Sonntag, 25. März 2018

Terra Incognita in Cottbus

Menschen in schwarzen Uniformen, den Kopf und die Hälfte des Gesichts verdeckt, ISIS-Assoziationen kommen auf, trommeln sich eine Viertelstunde hochpräzise in Ekstase, dann ertönt die Schlußrede aus dem "Großen Diktator" *, gefühlvolle Musik wird eingespielt, die Trommler legen ihre Kopfverhüllungen ab, treten langsam an die Rampe, schauen uns an, legen die Arme um die Schulter ihres Nachbarn, manche umarmen sich.
So endete der heutige Theaterabend in Cottbus. Terra Inkognita - Choreographisches Figurentheater von Jo Fabian.
Ist es mein durch schwierige Osterfahrungen geprägtes Mißtrauen gegenüber gutgemeinten moralischen Utopien, das mich zurückschrecken ließ? Ich habe unwillkürlich geprustet, hysterisches Gurgeln würde es auch beschreiben. Bin ich pessimistisch, gar zynisch oder ist solch ein Aufruf doch allzu harmlos und simpel für die Welt, in der wir alle leben?
Meine erste Begenung mit Jo Fabian hatte ich vor vielen Jahren in Dresden. Ein kleines Theater, ein toller Abend. Alle Spieler auf der leeren Bühne hatten zierliche Melkschemmel umgeschnallt, was ihre Wechsel vom Stehen zum Sitzen und vice versa großartig überraschend machte. Ich erinnere mich an den Eindruck einer neuen Erfahrung von Komposition von Klängen und Bewegungen.  Jahre später "Die Weber" in Halle. Hypnotisch, gedehnt, Bilder von exotischer Schönheit. 
Heute abend wußte ich vieles vorher, Zitate überwogen - Marthalers Musikalität, Trommelnummern, ehemals waghalsige Impro-Übungen der östlichen Schauspielausbildung. 

 
"Haben wir Menschen unseren Blick zu lange nach außen gerichtet, die Blicke auf die unbekannten Gebiete in uns selbst vernachlässigt und zu wenig über uns selbst erfahren?"
Jo Fabian zu "Terra Icognita
 
Was ist dieses INNEN?

Frau Piekenbrock (Volksbühne) benennt es so: Besagte Irritation führt... sie... darauf zurück, dass die geladenen Künstler ihre Zuschauer "ins Jenseitige" einladen: jenseits des Verstandes, des Hörbaren, des Sehbaren."
Denken soll ich nicht. Hören und Sehen auch nicht?
Ich will denken dürfen! Sehen und Hören und Widersprüche ertragen.

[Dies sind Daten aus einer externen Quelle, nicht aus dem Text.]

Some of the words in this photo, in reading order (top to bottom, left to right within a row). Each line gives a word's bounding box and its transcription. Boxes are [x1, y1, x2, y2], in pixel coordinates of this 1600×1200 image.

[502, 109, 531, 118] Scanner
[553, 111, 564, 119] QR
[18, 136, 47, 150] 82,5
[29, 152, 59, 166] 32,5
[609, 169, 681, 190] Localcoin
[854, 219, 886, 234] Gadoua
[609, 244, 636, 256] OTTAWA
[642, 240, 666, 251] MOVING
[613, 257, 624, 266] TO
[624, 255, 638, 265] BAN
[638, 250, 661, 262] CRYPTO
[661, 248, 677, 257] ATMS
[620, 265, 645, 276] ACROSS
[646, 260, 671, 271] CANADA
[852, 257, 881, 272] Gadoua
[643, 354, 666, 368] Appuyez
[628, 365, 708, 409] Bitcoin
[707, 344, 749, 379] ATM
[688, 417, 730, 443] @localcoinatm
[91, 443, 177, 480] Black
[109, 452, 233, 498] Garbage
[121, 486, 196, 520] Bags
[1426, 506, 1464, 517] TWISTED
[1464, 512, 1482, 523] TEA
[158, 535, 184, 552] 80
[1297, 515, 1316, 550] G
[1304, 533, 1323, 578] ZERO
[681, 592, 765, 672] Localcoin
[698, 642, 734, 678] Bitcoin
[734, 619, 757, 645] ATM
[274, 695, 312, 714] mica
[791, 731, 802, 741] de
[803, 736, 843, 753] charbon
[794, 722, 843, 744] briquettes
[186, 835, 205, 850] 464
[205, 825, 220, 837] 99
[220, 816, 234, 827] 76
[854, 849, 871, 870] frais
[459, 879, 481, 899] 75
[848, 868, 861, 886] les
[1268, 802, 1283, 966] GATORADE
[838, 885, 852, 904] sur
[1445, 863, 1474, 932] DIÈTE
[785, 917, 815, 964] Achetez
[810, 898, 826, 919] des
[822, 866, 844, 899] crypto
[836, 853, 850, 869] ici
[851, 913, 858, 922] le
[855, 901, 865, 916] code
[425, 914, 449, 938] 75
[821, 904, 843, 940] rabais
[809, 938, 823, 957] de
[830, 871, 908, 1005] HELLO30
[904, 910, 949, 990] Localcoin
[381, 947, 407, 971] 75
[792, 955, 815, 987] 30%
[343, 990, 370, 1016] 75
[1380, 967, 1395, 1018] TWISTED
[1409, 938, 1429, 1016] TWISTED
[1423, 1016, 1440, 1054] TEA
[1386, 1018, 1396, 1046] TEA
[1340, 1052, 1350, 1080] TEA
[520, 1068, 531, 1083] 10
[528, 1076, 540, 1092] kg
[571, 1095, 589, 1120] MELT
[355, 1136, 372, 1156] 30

Bei "Murx den Europäer! / Murx ihn! / Murx ihn! Murx ihn! / Murx ihn ab!" war ich fast brüskiert, wie gut ein Schweizer meine schreckliche, öde DDR beschrieb.

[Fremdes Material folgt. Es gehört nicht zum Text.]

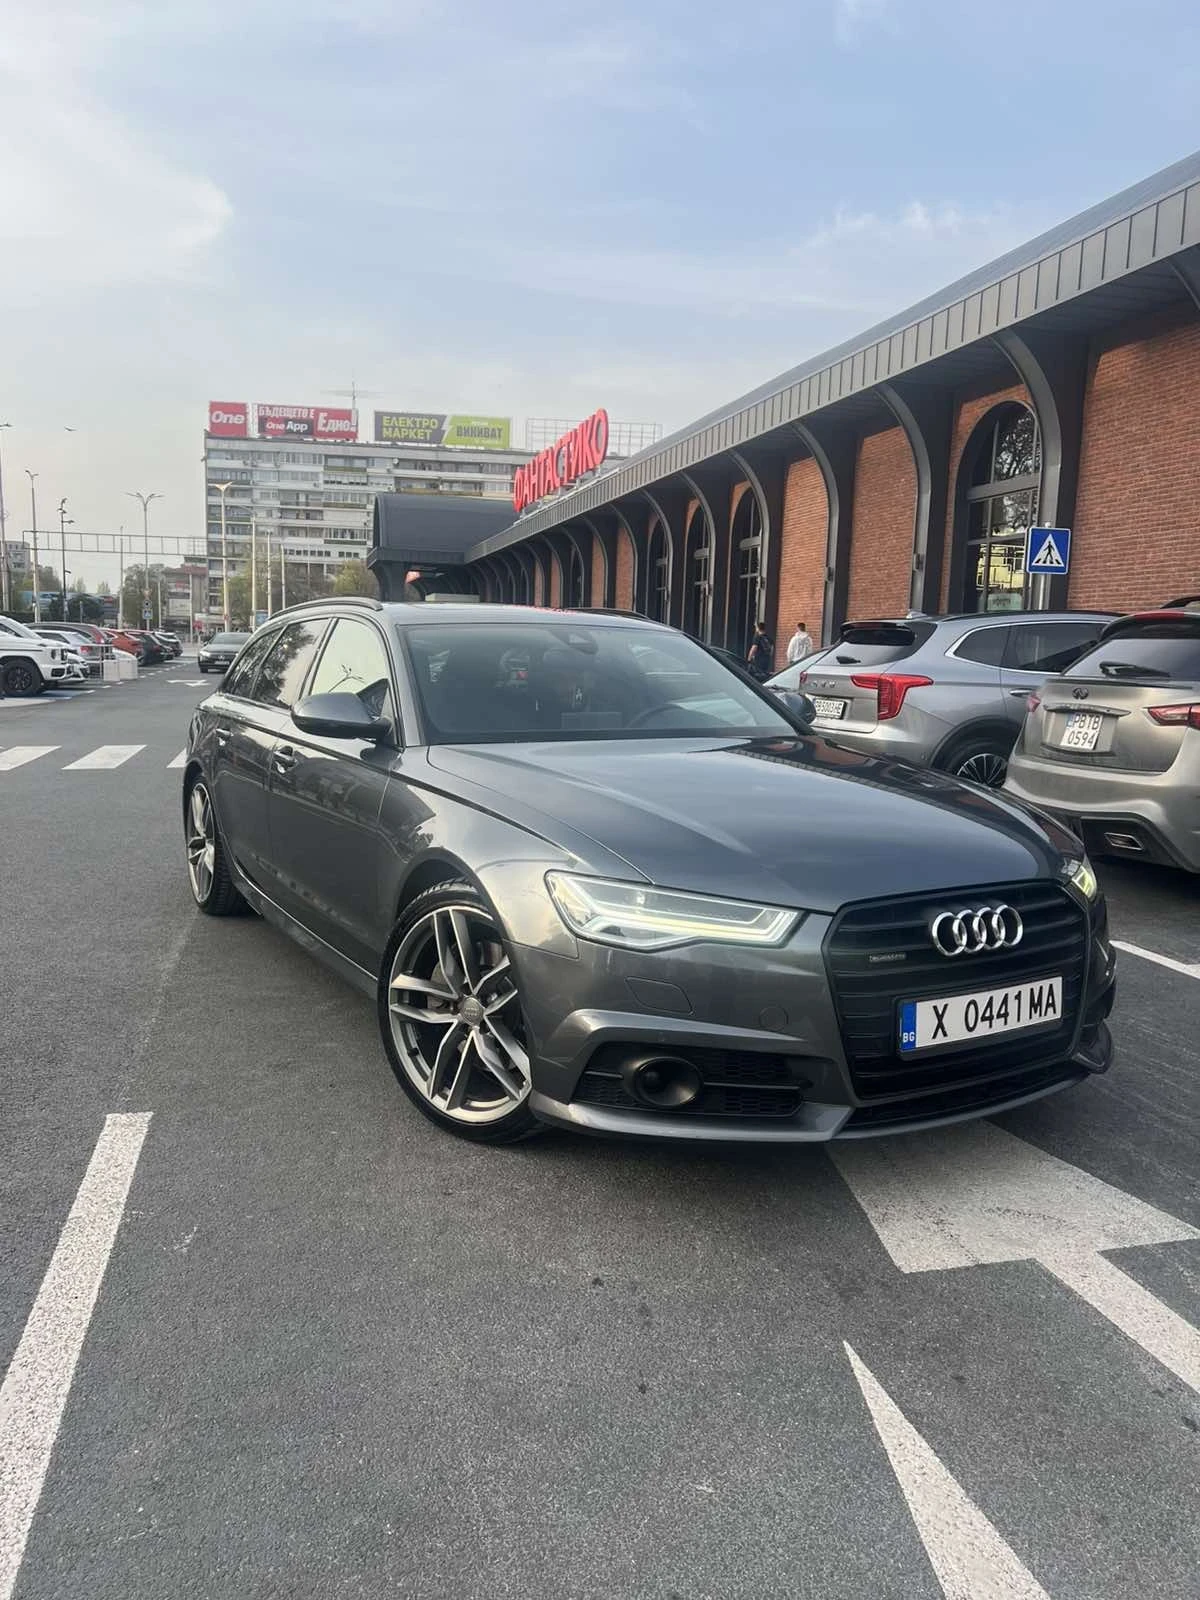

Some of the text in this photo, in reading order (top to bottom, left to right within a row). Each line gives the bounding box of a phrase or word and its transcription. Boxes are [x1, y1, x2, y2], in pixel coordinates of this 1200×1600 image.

Irgendwas geht am Theater vor, dass mich ängstigt. Innenschau anstatt Irritation. Privatismen ersetzen Gesellschaftskritik. 

Im Teil 2 des heutigen Abends trafen sich Klischees der deutschen Innenschau, der Jude, der Pfarrer, die hysterische Frau, der islamistische Fremde, der Arbeiter etc. aufeinander. Der Jude jiddelte eher schlecht als recht.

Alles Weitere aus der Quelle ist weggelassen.